SELDI was introduced as a variation on the MALDI concept (Kiehntopf et al., 2007; Yip and Lomas, 2002). What makes this technique unique is its connection to protein chip array, either a chemically preactivated surface (ionic, hydrophobic, and chelating metal, etc.) or a protein specific surface (antibody, receptor) for selective capture of proteins. The chip surface serves to fractionate and enrich subpopulations of proteins from complex protein mixtures, thereby simplifying the analysis. In addition, the chip affinity feature allows samples to be prepared under buffer conditions that might otherwise interfere with more traditional MS analysis. The proteins that are retained on the surface are subsequently ionized and detected by MALDI-TOF MS. There is, however, an apparent disadvantage of SELDI; specifically, it typically analyzes the absence or presence of a particular signature peak rather than determining the relative abundance of a protein unless extensive postchip work-up is performed. In addition, its reproducibility is still an issue of concern and proteins with high molecular weights are also analyzed less efficiently by SELDI (Thongboonkerd, 2007; Zhang, 2007). Despite these caveats, SELDI has been successfully applied to analysis of potential biomarkers in the CSF of AD and frontotemporal dementia patients (Carrette et al., 2003; Ruetschi et al., 2005; Simonsen et al., 2008).
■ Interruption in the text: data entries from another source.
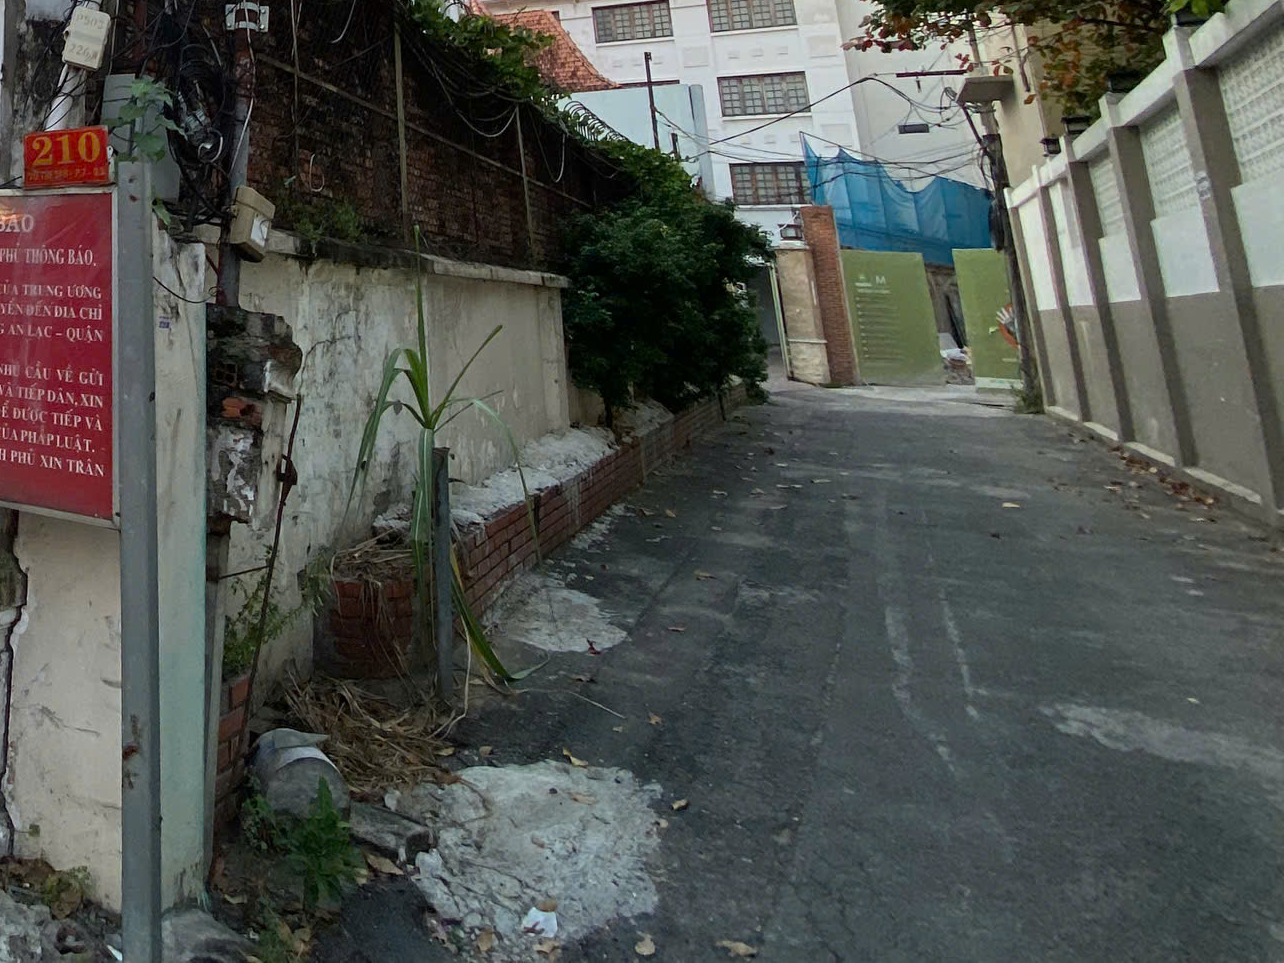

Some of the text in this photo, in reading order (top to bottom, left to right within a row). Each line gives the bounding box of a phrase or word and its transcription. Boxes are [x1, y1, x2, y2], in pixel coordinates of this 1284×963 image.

[32, 132, 101, 166] 210
[25, 244, 64, 265] THÔNG
[8, 324, 24, 335] AN
[66, 325, 103, 343] QUẬN
[80, 393, 104, 408] XIN
[85, 414, 103, 431] VÀ
[39, 454, 63, 470] XIN
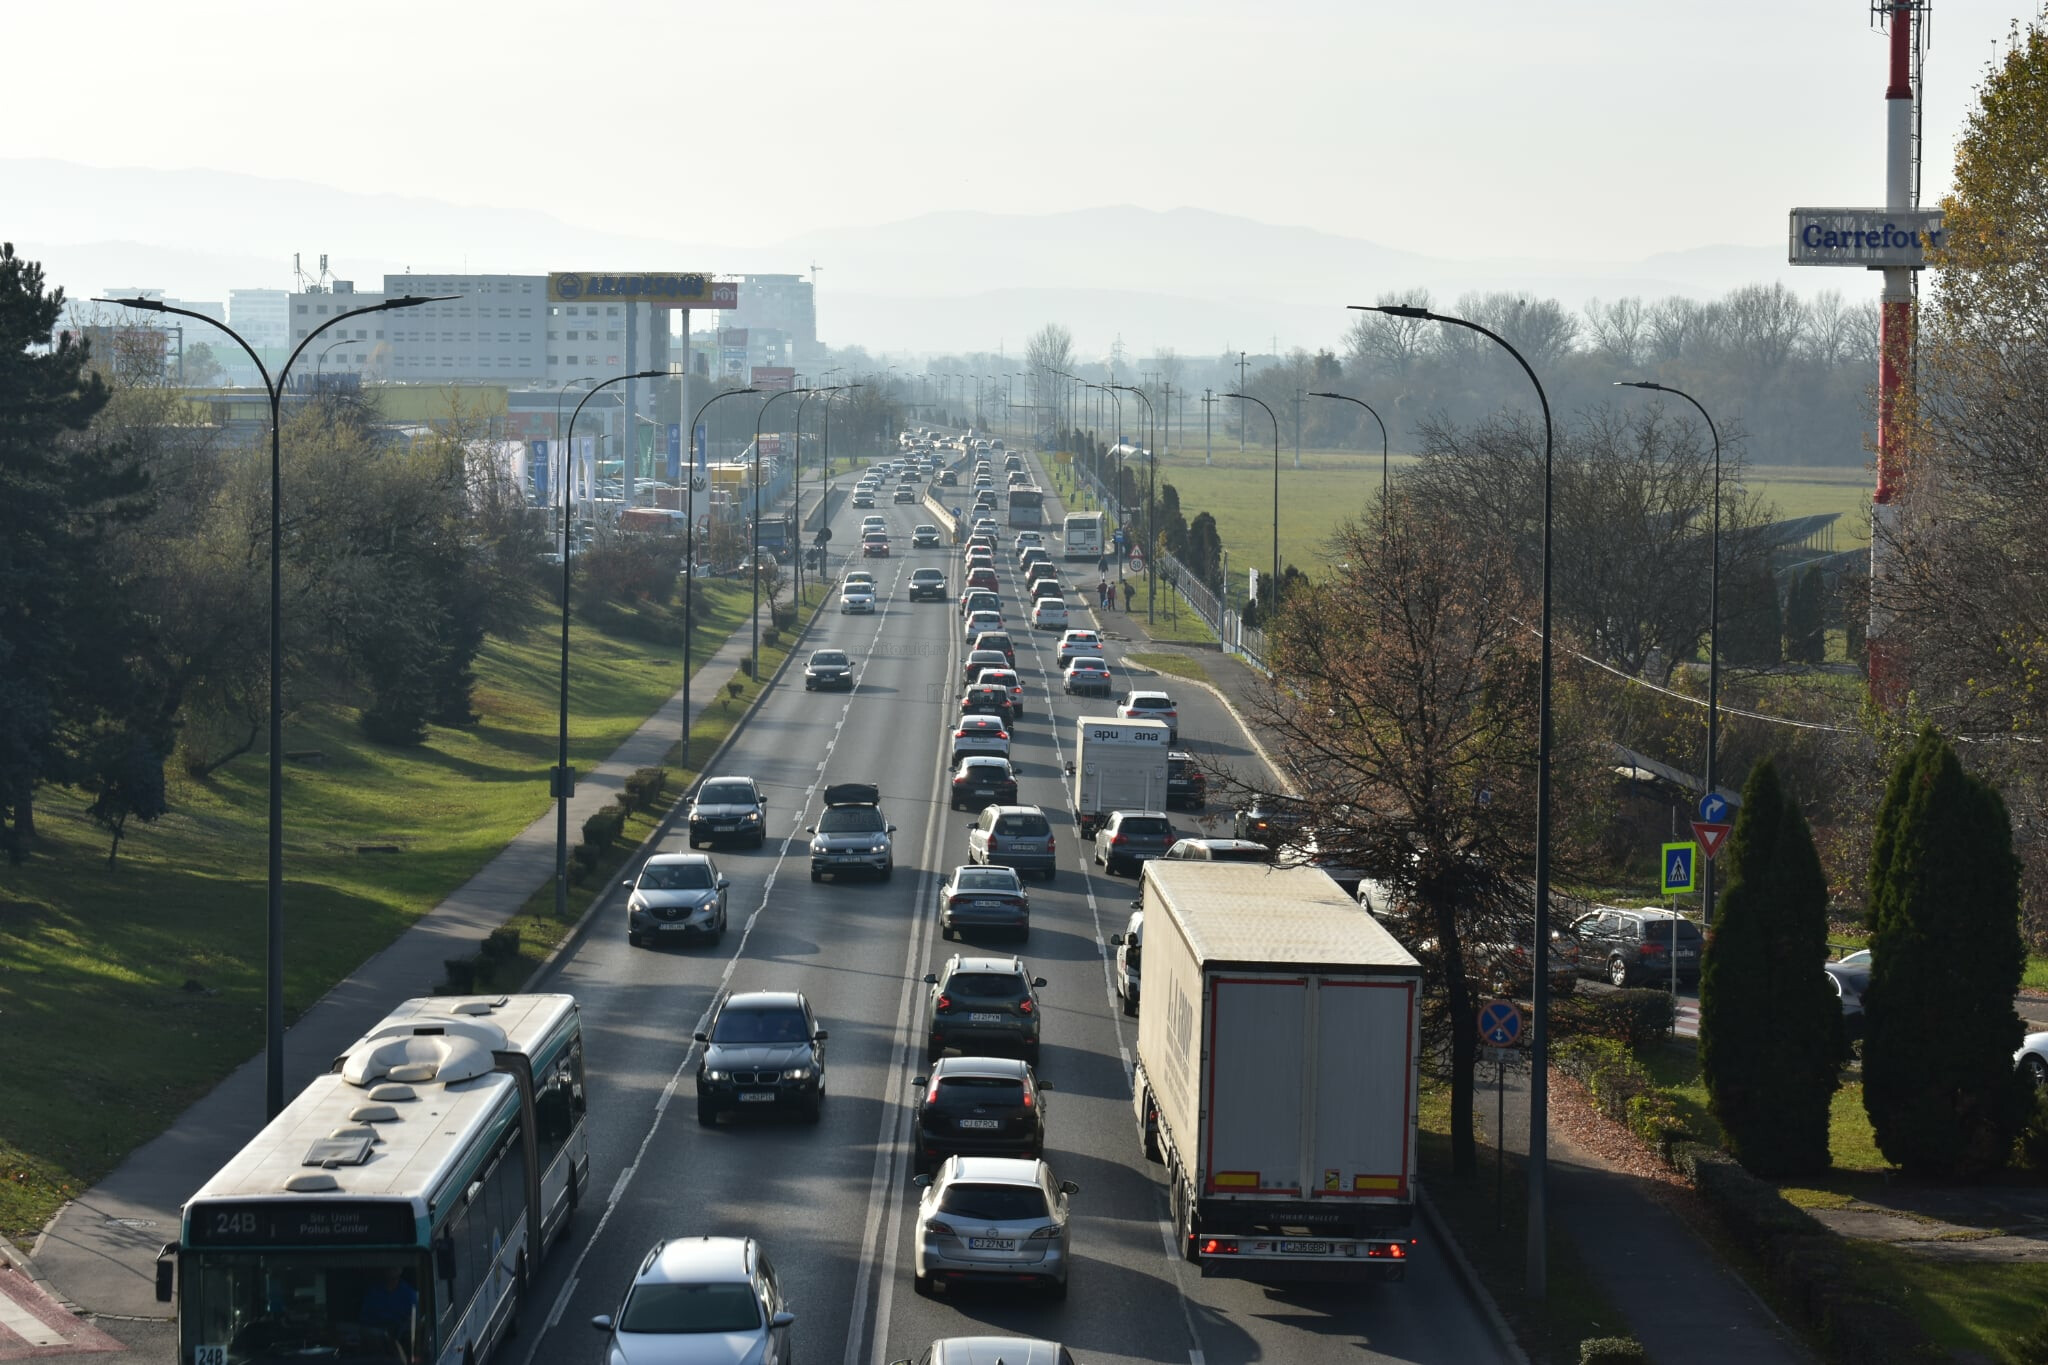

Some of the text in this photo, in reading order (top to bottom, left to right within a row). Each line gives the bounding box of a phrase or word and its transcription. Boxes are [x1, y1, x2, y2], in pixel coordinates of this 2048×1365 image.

[1802, 223, 1942, 249] Carrefour
[1132, 561, 1141, 570] 50
[1094, 730, 1119, 741] apu
[1134, 732, 1159, 741] ana
[217, 1212, 257, 1233] 24B
[300, 1223, 369, 1234] Polus Center
[996, 1240, 1013, 1249] NLM
[199, 1348, 224, 1365] 24B
A necessary and informative step in protein biomarker discovery is to detect quantitative alterations of a protein under different disease and control settings. Traditionally, proteins are quantified by 2-DGE, which has many limitations as discussed above (de Jong et al., 2007; Friedman et al., 2007; Zhang, 2007); thus, development of novel quantitative proteomics represents a milestone of proteomics technology. In the past several years, many MS-based quantitative proteomics methods have been developed (Aebersold and Mann, 2003). These methods include the use of chemical reactions to introduce isotopic tags at specific functional groups on peptides or proteins, such as isotope coded affinity tags (ICAT) (Gygi et al., 1999) and isobaric tags for relative and absolute quantitation (iTRAQ) (Ross et al., 2004), as well as others.
ICAT labels the side chains of cysteinyl residues in two reduced protein samples using the isotopic light or heavy reagent, respectively, and generates the mass signatures that identify sample origin and serve as the basis for accurate quantification, thus affording comparison of two proteomes simultaneously. Using ICAT analysis, most procedures of sample preparation are performed after the combination of the two compared groups, largely removing variations secondary to sample processing. Indeed, this technology has been utilized to investigate changes in the CSF proteome associated with AD (Zhang et al., 2005b), identifying approximately 400 proteins, many of which were altered in relative abundance in aging and/or AD. Nonetheless, there are several limitations to ICAT, including: (i) quantification is restricted to cysteine-containing proteins; and (ii) it can only compare two conditions at a time. To overcome these limitations, several novel isobaric tagging based methods (iTRAQ, for example) have been developed. iTRAQ is based on chemically tagging the N-terminus of peptides generated from protein digests that have been isolated from samples in, for example, different disease and control groups. The technique allows for the identification and quantification of all peptides as well as comparison of up to eight conditions simultaneously (Fig. 1). We have recently utilized this method to compare the CSF proteome of patients with AD, PD, and DLB as compared to age-matched controls (Abdi et al., 2006).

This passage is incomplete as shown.